Cynthia nodded. One hand rubbed over the other, dry-washing, a sign of nerves Hannah had only rarely seen, and not at all in the last few weeks. "Think about what you want to say to her. Remember, she's with him because she ... she feels adrift. And she needs to feel safe."

"Safe? With Rushman?" Hannah started.

"Yes, with him. He's good at that, he's probably worked on making people feel safe or at least distracted from whatever's troubling them for a long, long time. He'll have started off small, little things that really did help her, and over time it'll turn into things that help him more than her but by now she associates him with that feeling of safety, with not needing to make decisions because he'll make them for her..."

"I think I get the picture." Catching her friend in a moment of vulnerability she hadn't expected unnerved her, made her feel as though she were prying into hers and the Commander's bedroom without permission or something. Only it wasn't the Commander, it had to be someone earlier than that. "I'll be as careful as I can. If that doesn't work, you get to lead the intervention."

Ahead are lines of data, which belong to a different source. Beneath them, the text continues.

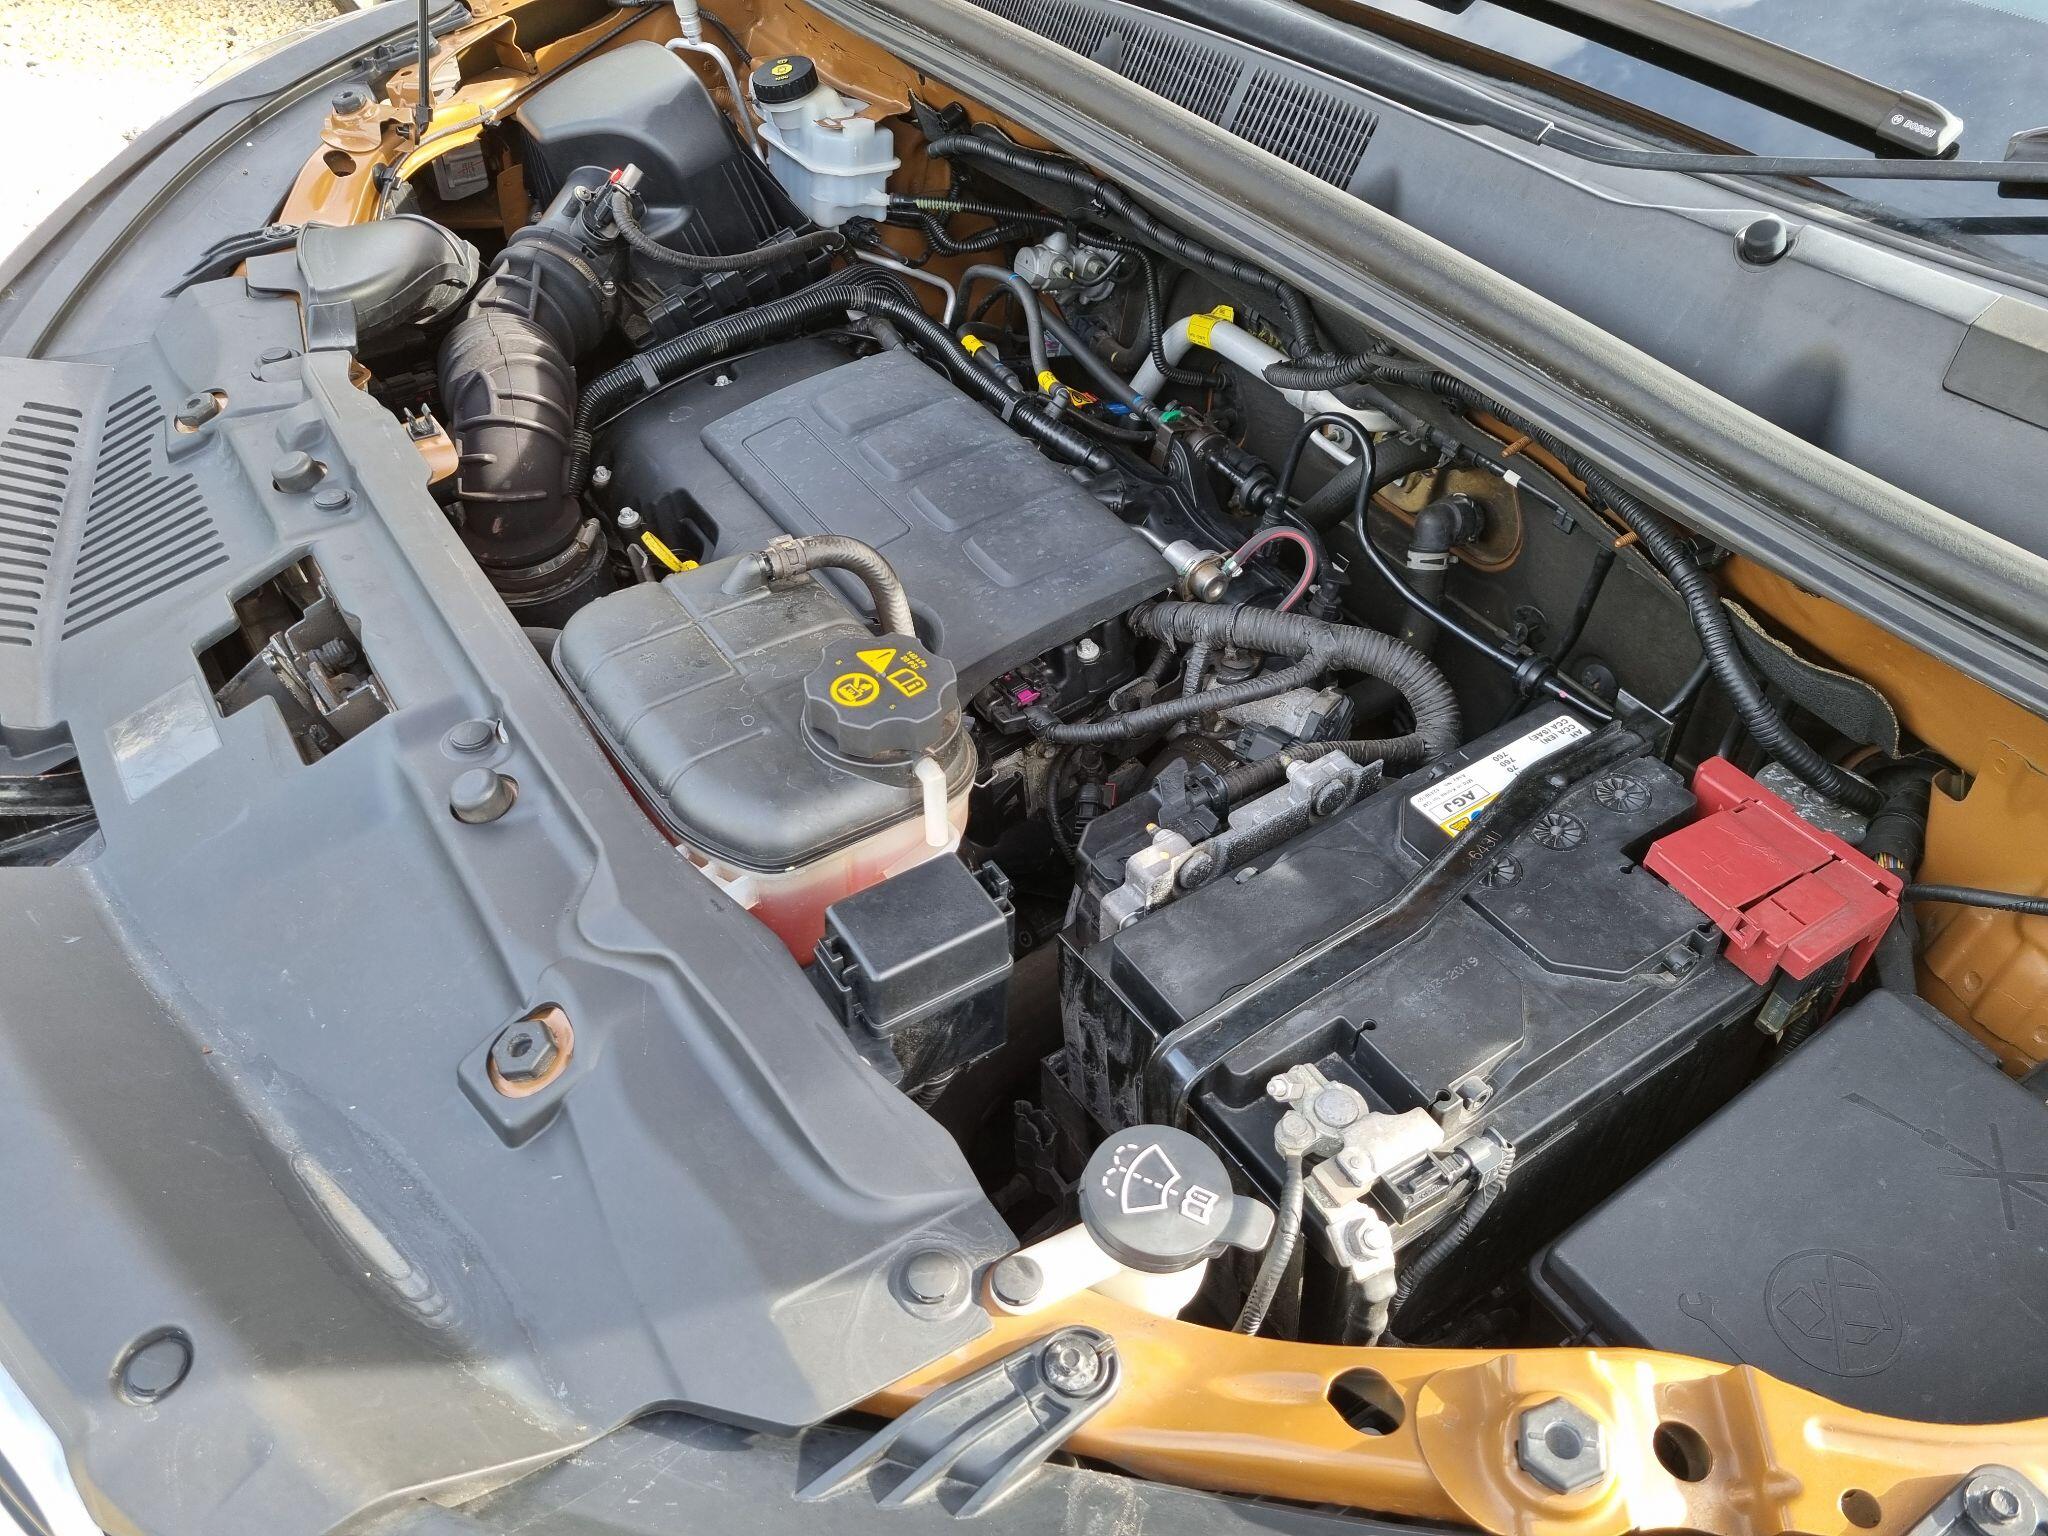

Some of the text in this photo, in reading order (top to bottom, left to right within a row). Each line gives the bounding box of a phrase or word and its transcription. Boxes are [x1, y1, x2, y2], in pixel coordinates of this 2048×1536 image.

[1902, 119, 1937, 138] BOSCH
[1528, 726, 1552, 742] (SAE)
[1550, 718, 1569, 730] CCA
[1499, 724, 1576, 768] CCA (EN) 760
[1506, 728, 1583, 773] AH 70
[1443, 790, 1476, 813] AGJ
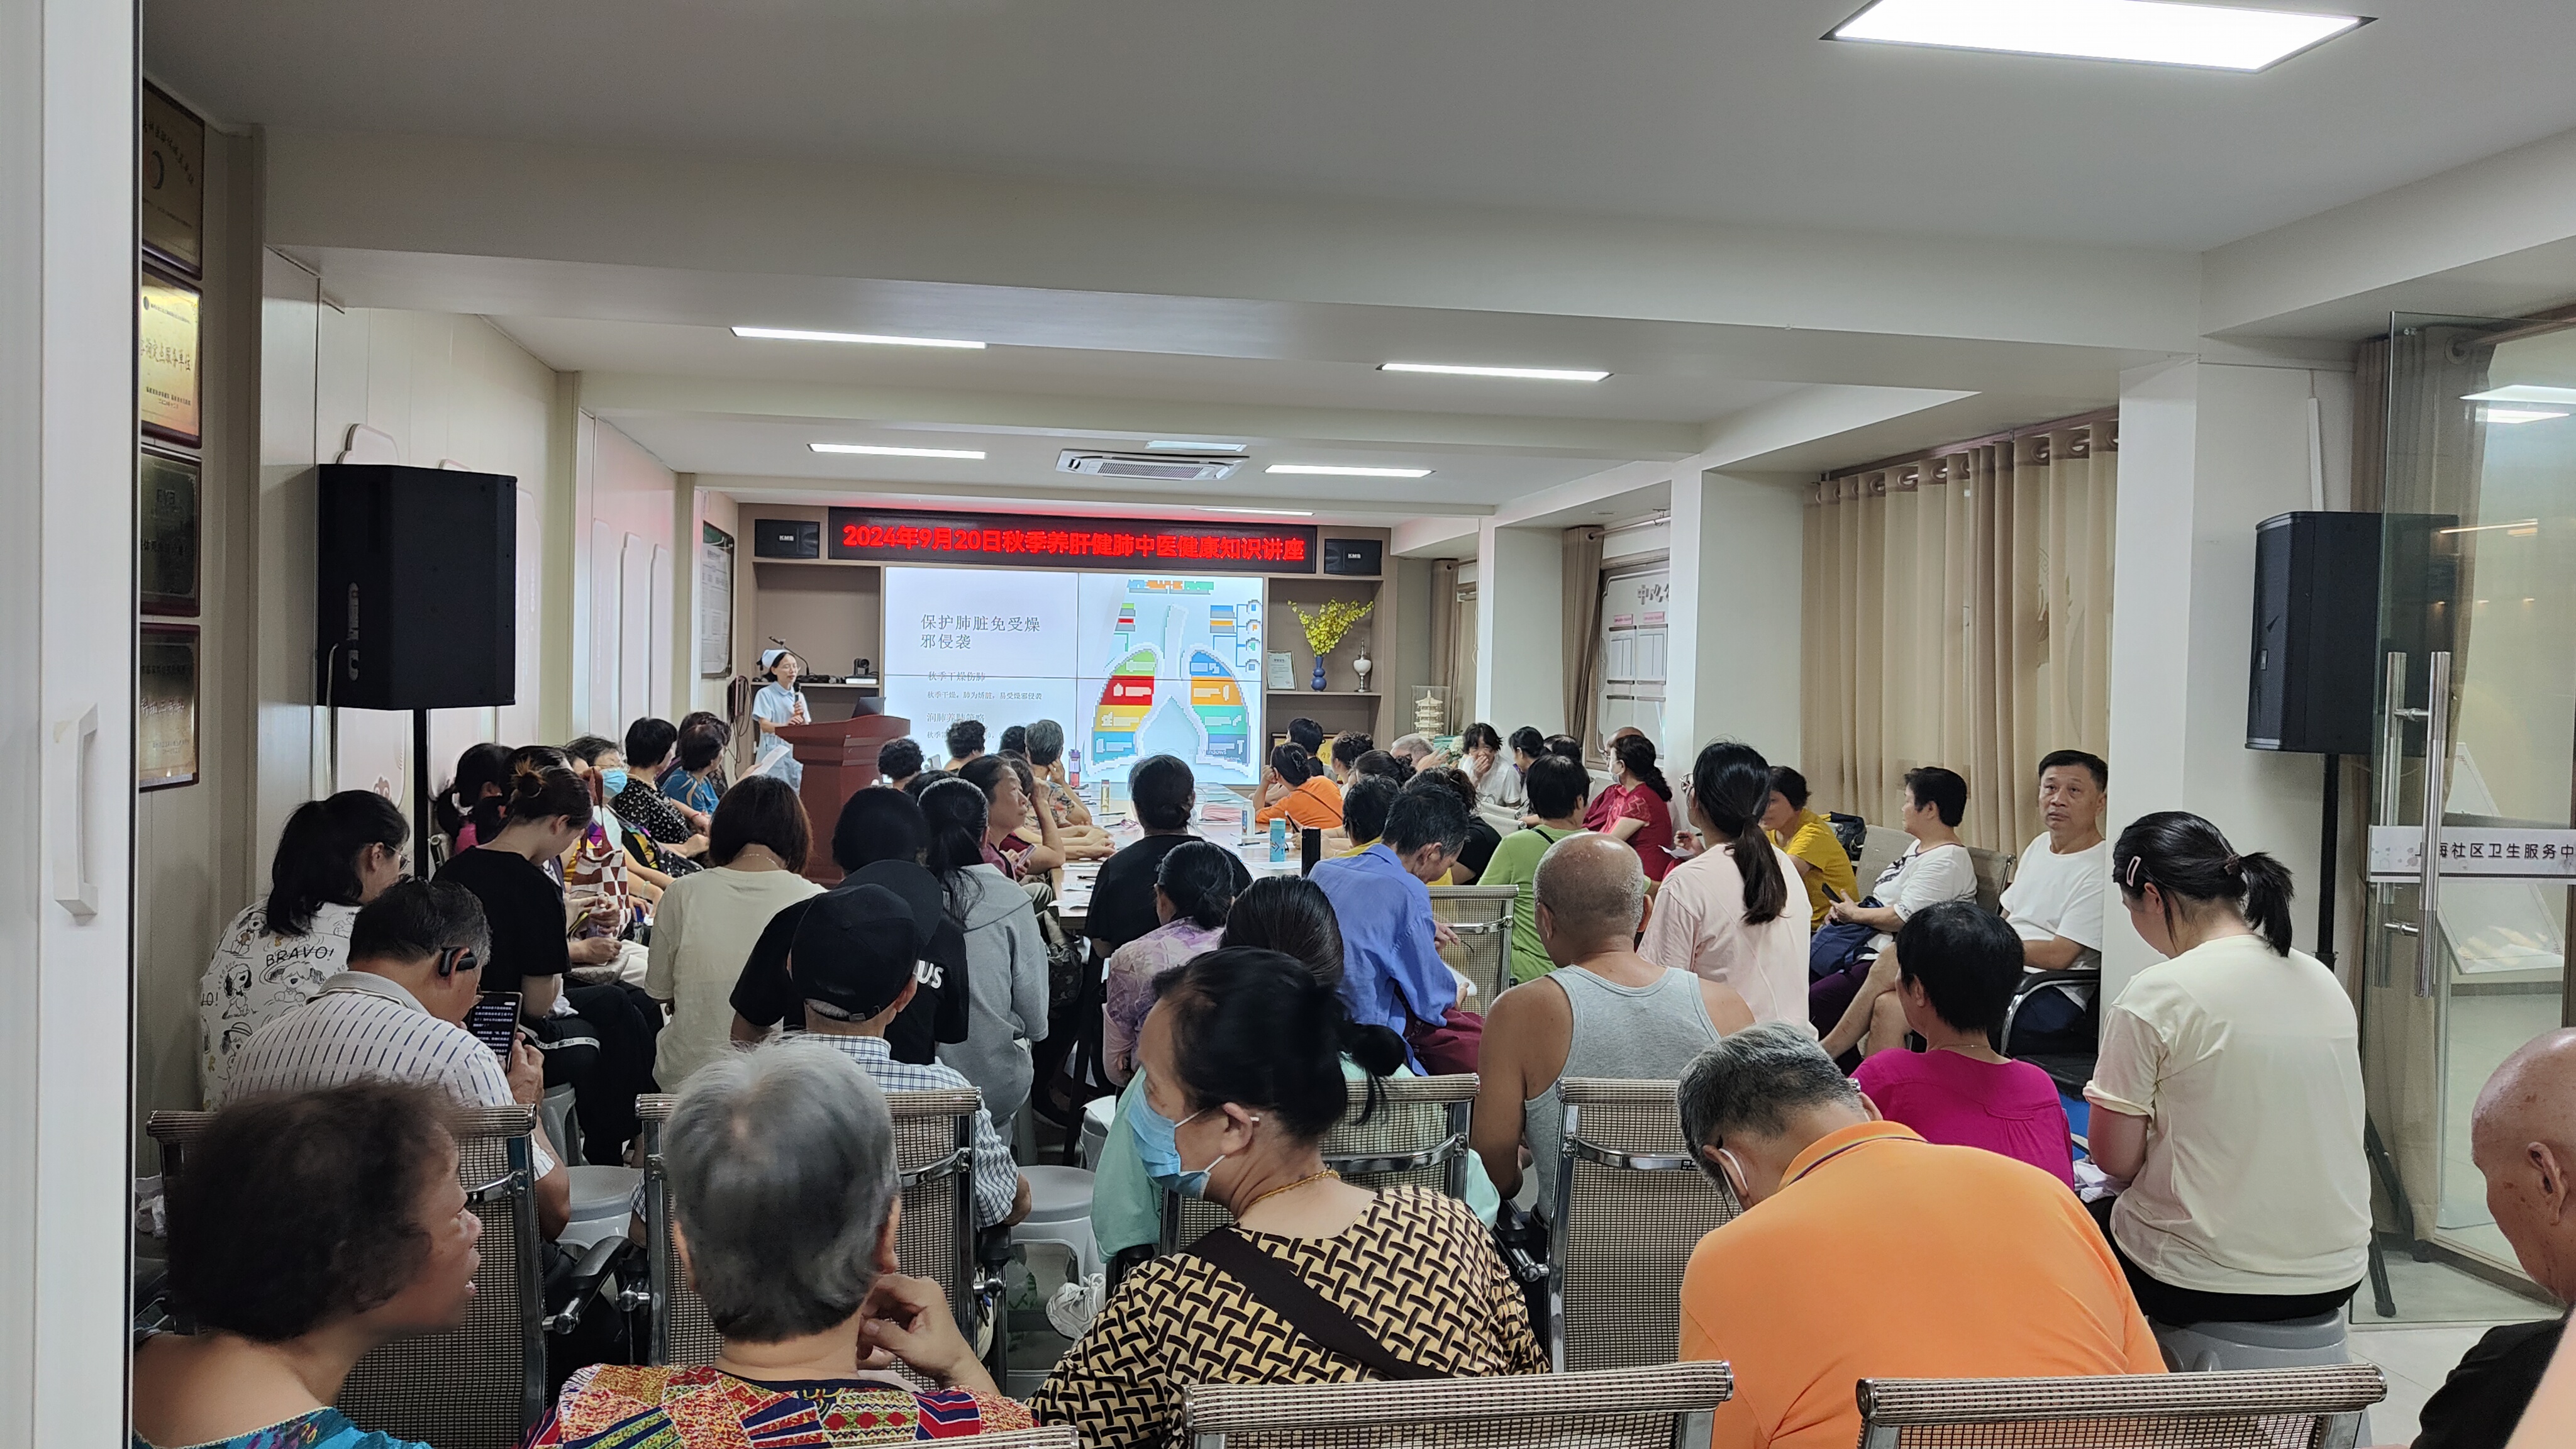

"Okay," Cynthia mustered a rueful smile, nodded. "All right. And hopefully whatever you say to her, it'll work."

She didn't sound too hopeful. Hannah didn't feel too hopeful herself, what she felt was a bloody need to pound Rushman's head into a wall a few times. And her therapist thought she was doing better with the grief and the anger. Then again, her therapist didn't need to know about this, did she? No, she probably did. Hannah didn't see how wanting to pound a smarmy bastard was at all a sign of trouble, though.

If she actually went out and did it, that would be trouble. But she had better impulse control than that. Pounding metal back into shape would have to suffice.